Ravens Rough Up Steelers, 26-14
Eleven: The number of Steelers collective rushing attempts on Sunday night (Baltimore had 30).
Eleven: The number of receivers who caught a pass for the Ravens (Pittsburgh threw at Antonio Brown and JuJu Smith-Schuster 11 times, apiece).
Eleven: How much the Steelers should miss Le'Veon Bell on a scale of 1-10.
For a few minutes before halftime, the Steelers felt like the Steelers. Heinz Field was alive. They trailed 14-3 but quickly came to life after the passing game started humming. Vance McDonald was trucking people. Antonio Brown caught a touchdown. It was tied 14-14 at the half, but felt like Pittsburgh was unstoppable. Then, crickets...

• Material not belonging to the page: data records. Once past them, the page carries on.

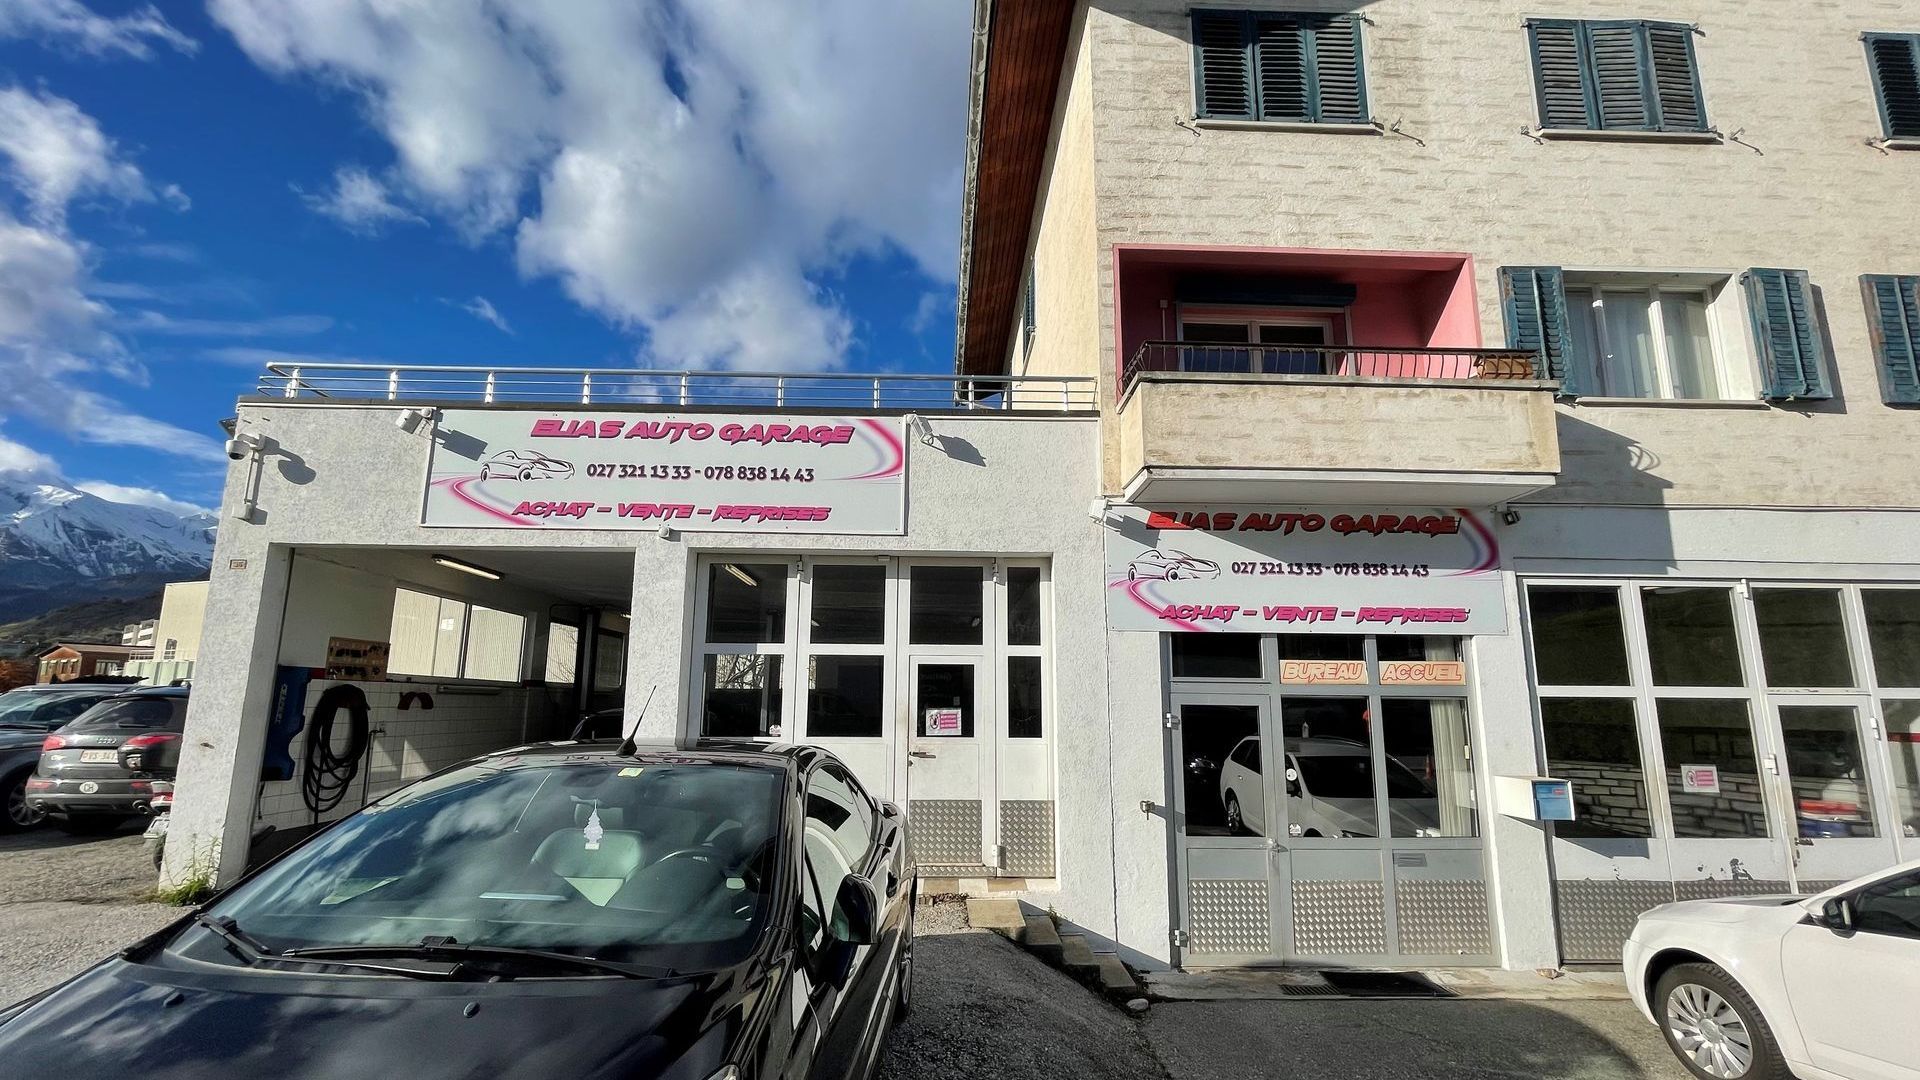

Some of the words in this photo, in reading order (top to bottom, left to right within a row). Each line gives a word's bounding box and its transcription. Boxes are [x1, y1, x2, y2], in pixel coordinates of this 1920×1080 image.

[531, 419, 625, 438] ELIAS
[624, 421, 714, 444] AUTO
[719, 423, 855, 447] GARAGE
[586, 463, 616, 478] 027
[618, 464, 647, 478] 321
[650, 465, 669, 479] 13
[671, 465, 691, 480] 33
[704, 465, 734, 480] 078
[737, 466, 767, 481] 838
[770, 467, 791, 482] 14
[794, 468, 815, 482] 43
[511, 501, 595, 519] ACHAT
[617, 503, 695, 521] VENTE
[711, 504, 832, 523] REPRISES
[1146, 511, 1238, 531] ELIAS
[1238, 513, 1326, 536] AUTO
[1330, 514, 1462, 538] GARAGE
[1231, 561, 1257, 575] 027
[1259, 562, 1285, 576] 321
[1287, 562, 1304, 576] 13
[1306, 562, 1323, 576] 33
[1333, 562, 1360, 576] 078
[1362, 562, 1388, 577] 838
[1391, 563, 1409, 577] 14
[1412, 564, 1430, 577] 43
[1159, 605, 1240, 623] ACHAT
[1262, 606, 1338, 624] VENTE
[1355, 607, 1471, 625] REPRISES
[1283, 662, 1363, 683] BUREAU
[1382, 663, 1462, 682] ACCUEIL
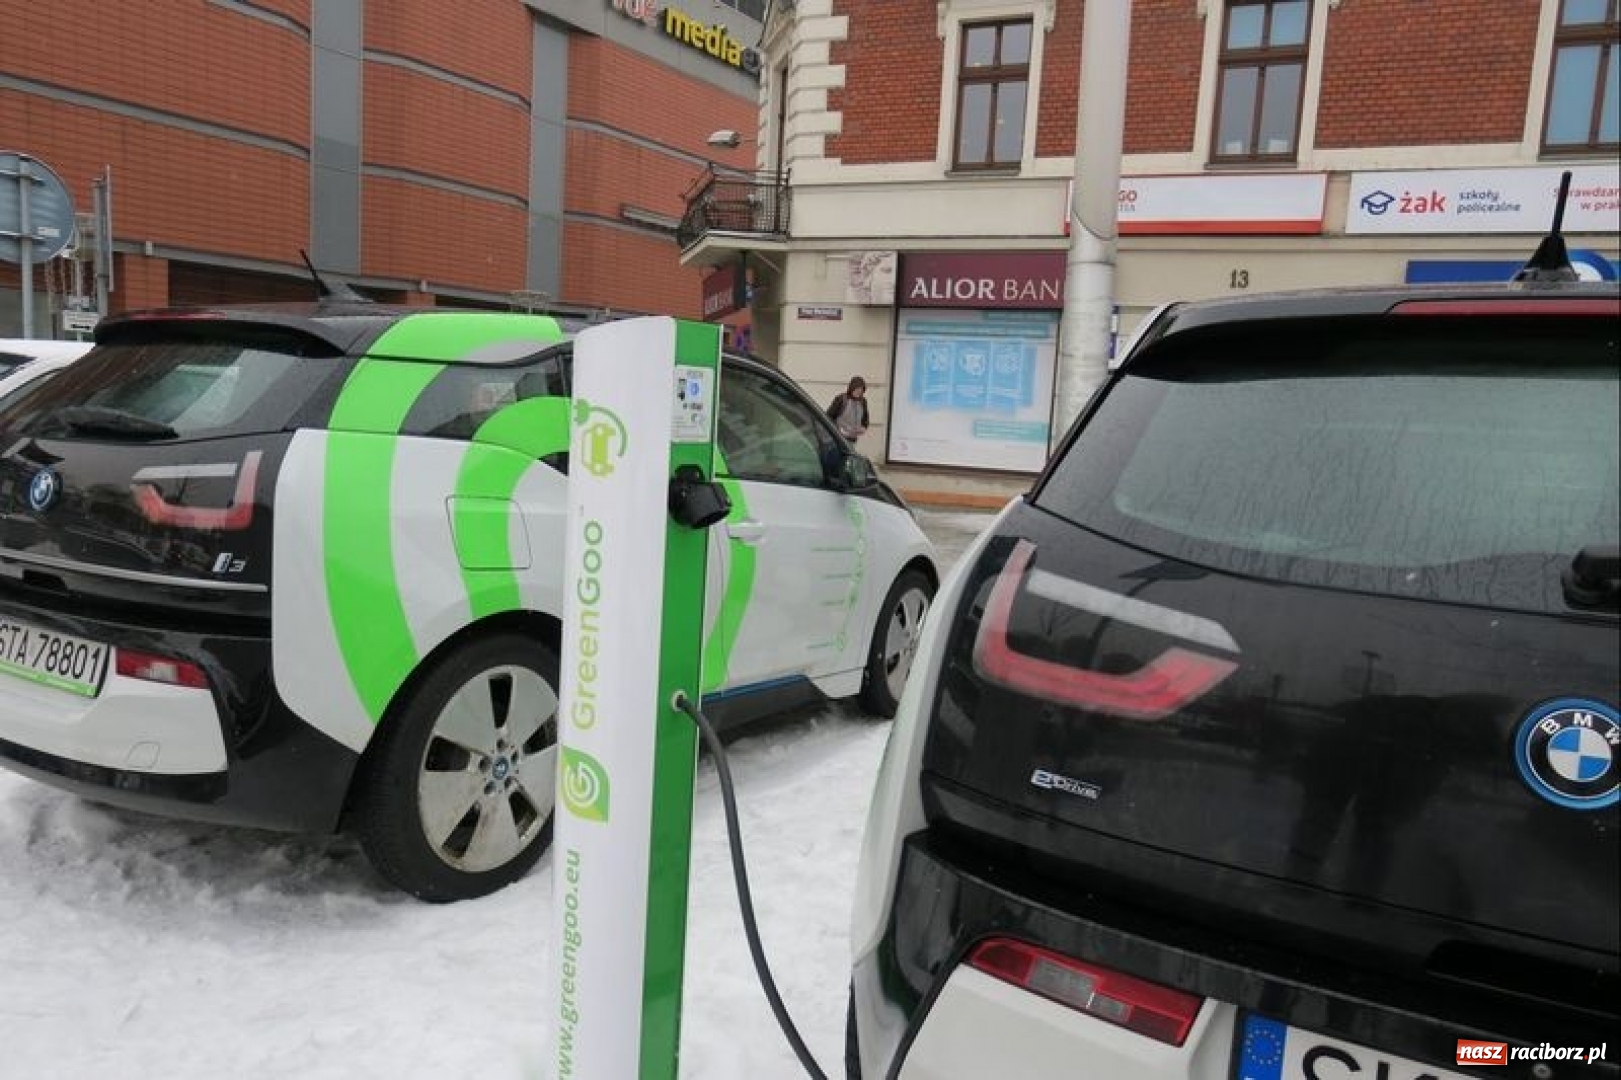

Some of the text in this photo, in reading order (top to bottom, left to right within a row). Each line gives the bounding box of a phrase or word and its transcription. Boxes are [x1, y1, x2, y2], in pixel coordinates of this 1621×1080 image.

"They are who we thought they were." -- Dennis Green
For one half of football -- the second half of football, nonetheless -- in a Sunday night primetime divisional game at home, the Pittsburgh Steelers were held scoreless. Ben Roethlisberger averaged 5.8 yards per completion. Running back James Conner had nine carries for 19 yards. His longest run of the game went for four yards.
The Ravens weren't surprised by Pittsburgh's second-half struggles. Baltimore is the only team to not allow a second-half touchdown through four weeks of the season. The other three teams in the AFC North have each allowed 100+ points through four games. Baltimore has given up 65 (tied for 2nd).
With Joe Flacco playing, dare we say, elite, Baltimore looks like a contender. Flacco has thrown for over 1200 yards, eight touchdowns and just two interceptions through Week 4. Combine that defense with a fiery Flacco and the Ravens might be tap, tap, tapping on the Playoffs' chamber doors come December.
If you don't get that joke, you should've paid more attention in English Lit.